Data to process:
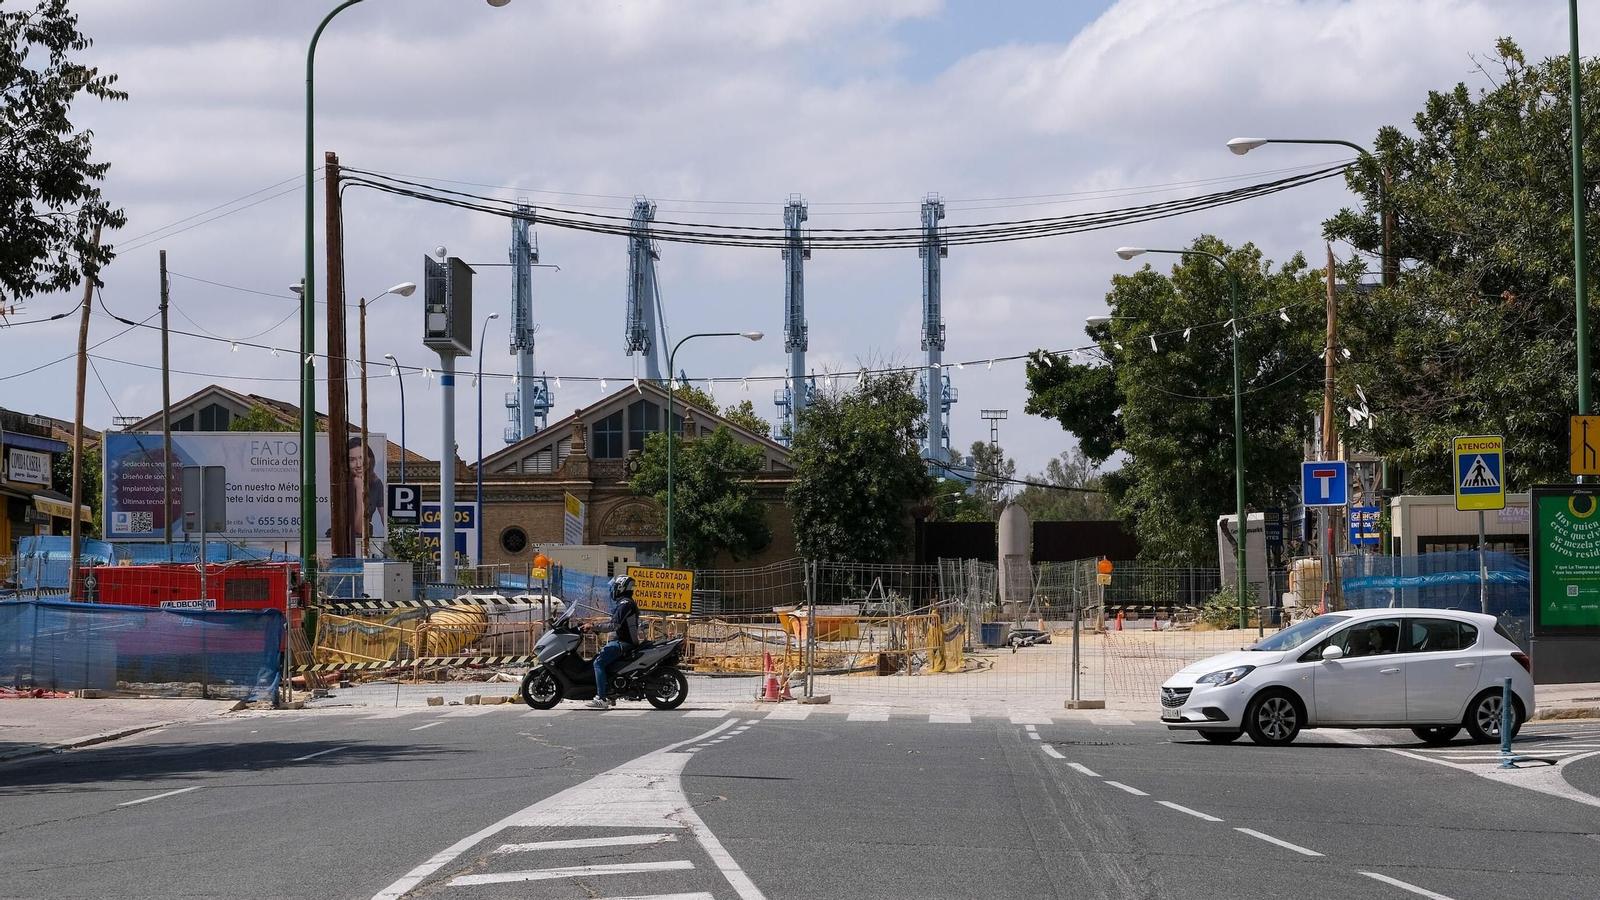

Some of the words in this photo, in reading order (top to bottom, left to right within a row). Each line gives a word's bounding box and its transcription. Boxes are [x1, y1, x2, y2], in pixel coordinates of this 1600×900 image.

[251, 441, 298, 456] FATO
[1457, 441, 1501, 450] ATENCIÓN
[11, 452, 26, 470] COMIDA
[250, 457, 280, 466] Clínica
[122, 485, 165, 493] Implantología
[225, 482, 242, 491] Con
[244, 483, 276, 491] nuestro
[278, 482, 300, 491] Méto
[246, 494, 254, 503] la
[256, 494, 275, 503] vida
[258, 516, 275, 525] 655
[277, 516, 288, 525] 56
[1555, 511, 1572, 527] Hay
[1572, 521, 1599, 531] quien
[1550, 521, 1569, 536] cree
[1570, 532, 1586, 541] que
[1587, 531, 1595, 540] el
[1553, 535, 1564, 544] se
[1563, 539, 1594, 549] mezcla
[1549, 542, 1574, 557] otros
[1575, 547, 1600, 559] resid
[633, 570, 654, 579] CALLE
[655, 571, 688, 581] CORTADA
[676, 582, 690, 591] POR
[635, 589, 662, 599] CHAVES
[663, 591, 677, 600] REY
[678, 592, 683, 600] Y
[651, 600, 687, 610] PALMERAS

Exercise requirements: Copy the whole listing exactly, excluding the pictures in it.

Task result:
Some of the words in this photo, in reading order (top to bottom, left to right within a row). Each line gives a word's bounding box and its transcription. Boxes are [x1, y1, x2, y2], in pixel coordinates of this 1600×900 image.

[251, 441, 298, 456] FATO
[1457, 441, 1501, 450] ATENCIÓN
[11, 452, 26, 470] COMIDA
[250, 457, 280, 466] Clínica
[122, 485, 165, 493] Implantología
[225, 482, 242, 491] Con
[244, 483, 276, 491] nuestro
[278, 482, 300, 491] Méto
[246, 494, 254, 503] la
[256, 494, 275, 503] vida
[258, 516, 275, 525] 655
[277, 516, 288, 525] 56
[1555, 511, 1572, 527] Hay
[1572, 521, 1599, 531] quien
[1550, 521, 1569, 536] cree
[1570, 532, 1586, 541] que
[1587, 531, 1595, 540] el
[1553, 535, 1564, 544] se
[1563, 539, 1594, 549] mezcla
[1549, 542, 1574, 557] otros
[1575, 547, 1600, 559] resid
[633, 570, 654, 579] CALLE
[655, 571, 688, 581] CORTADA
[676, 582, 690, 591] POR
[635, 589, 662, 599] CHAVES
[663, 591, 677, 600] REY
[678, 592, 683, 600] Y
[651, 600, 687, 610] PALMERAS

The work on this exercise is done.